ABOUT THIS TASK:
Transcription task. Write out each entry verbatim and exclude any image.
##### TASK INPUTS
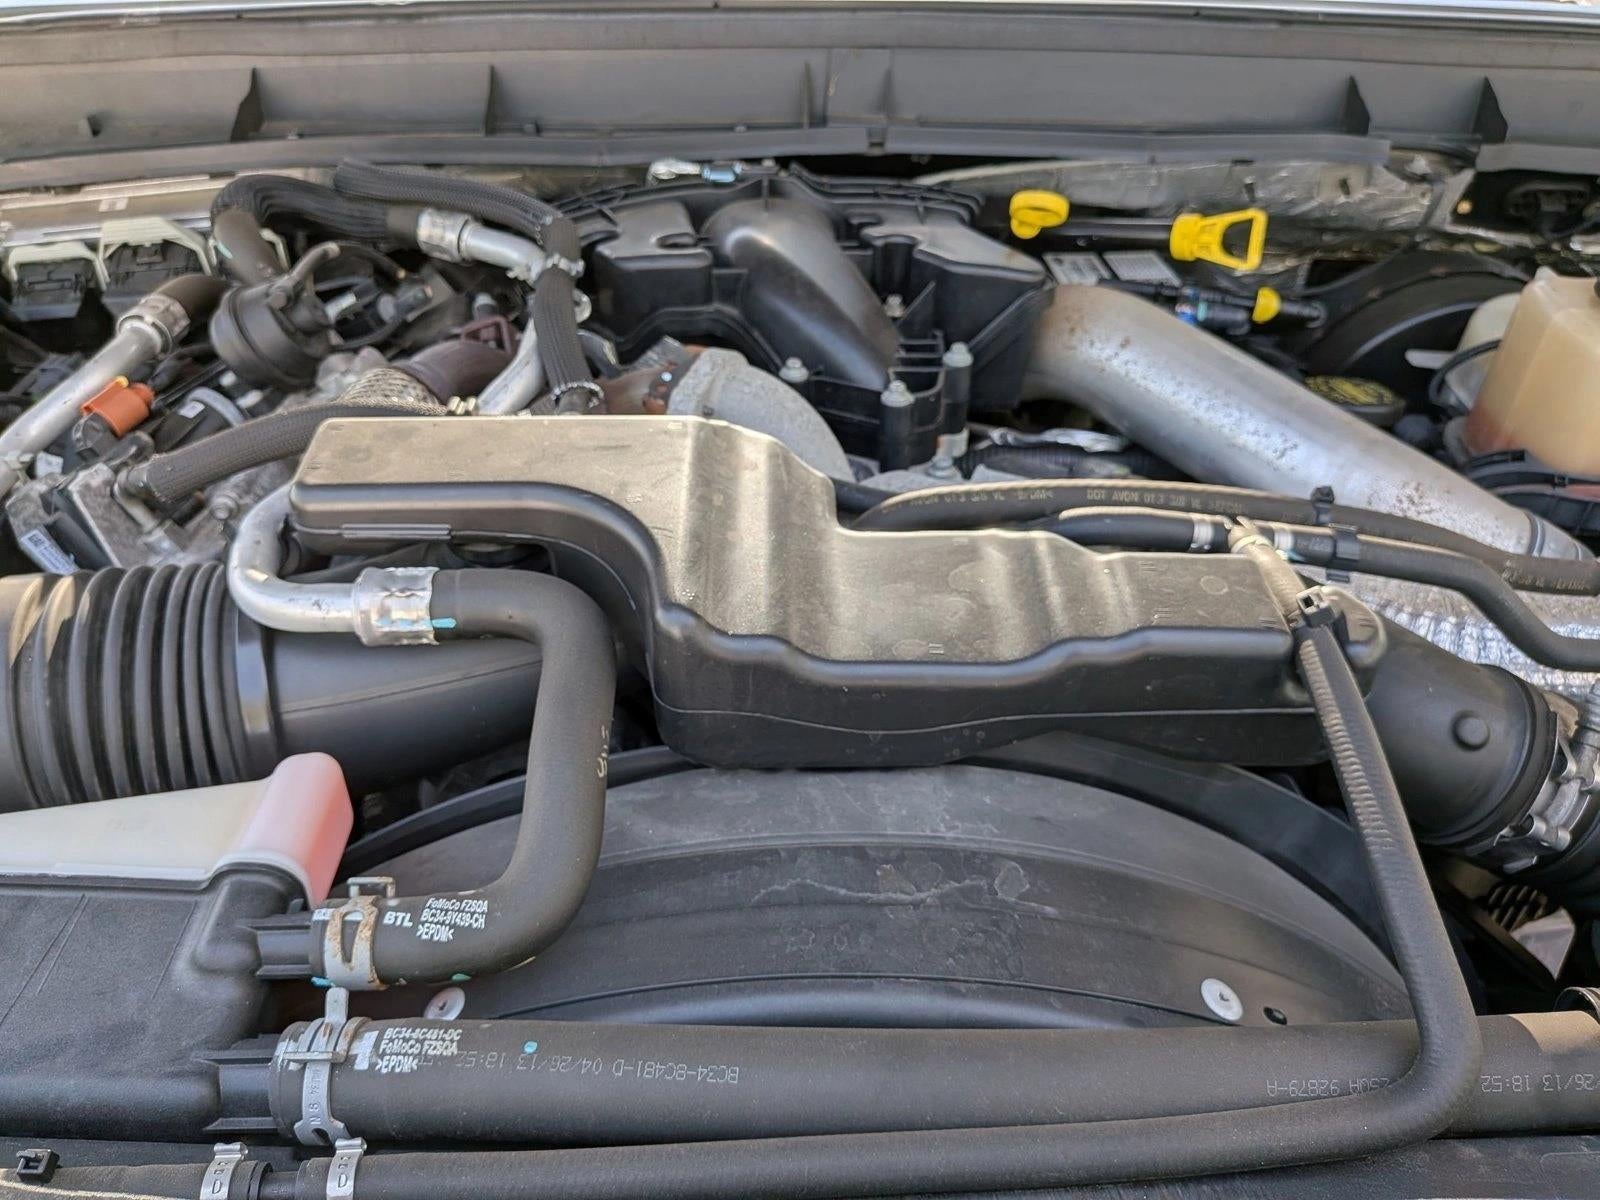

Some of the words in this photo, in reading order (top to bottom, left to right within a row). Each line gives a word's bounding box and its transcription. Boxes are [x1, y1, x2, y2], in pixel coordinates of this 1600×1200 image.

[425, 897, 461, 910] FoMoCo
[382, 910, 413, 927] BTL
[379, 1038, 421, 1055] FoMoCo
[516, 1052, 603, 1076] 04/26/13
[611, 1058, 740, 1084] BC34-8C481-D
[1265, 1078, 1340, 1097] 92879-A
[1479, 1074, 1532, 1093] 18:52
##########
COMPLETED EXERCISE:
Some of the words in this photo, in reading order (top to bottom, left to right within a row). Each line gives a word's bounding box and its transcription. Boxes are [x1, y1, x2, y2], in pixel coordinates of this 1600×1200 image.

[425, 897, 461, 910] FoMoCo
[382, 910, 413, 927] BTL
[379, 1038, 421, 1055] FoMoCo
[516, 1052, 603, 1076] 04/26/13
[611, 1058, 740, 1084] BC34-8C481-D
[1265, 1078, 1340, 1097] 92879-A
[1479, 1074, 1532, 1093] 18:52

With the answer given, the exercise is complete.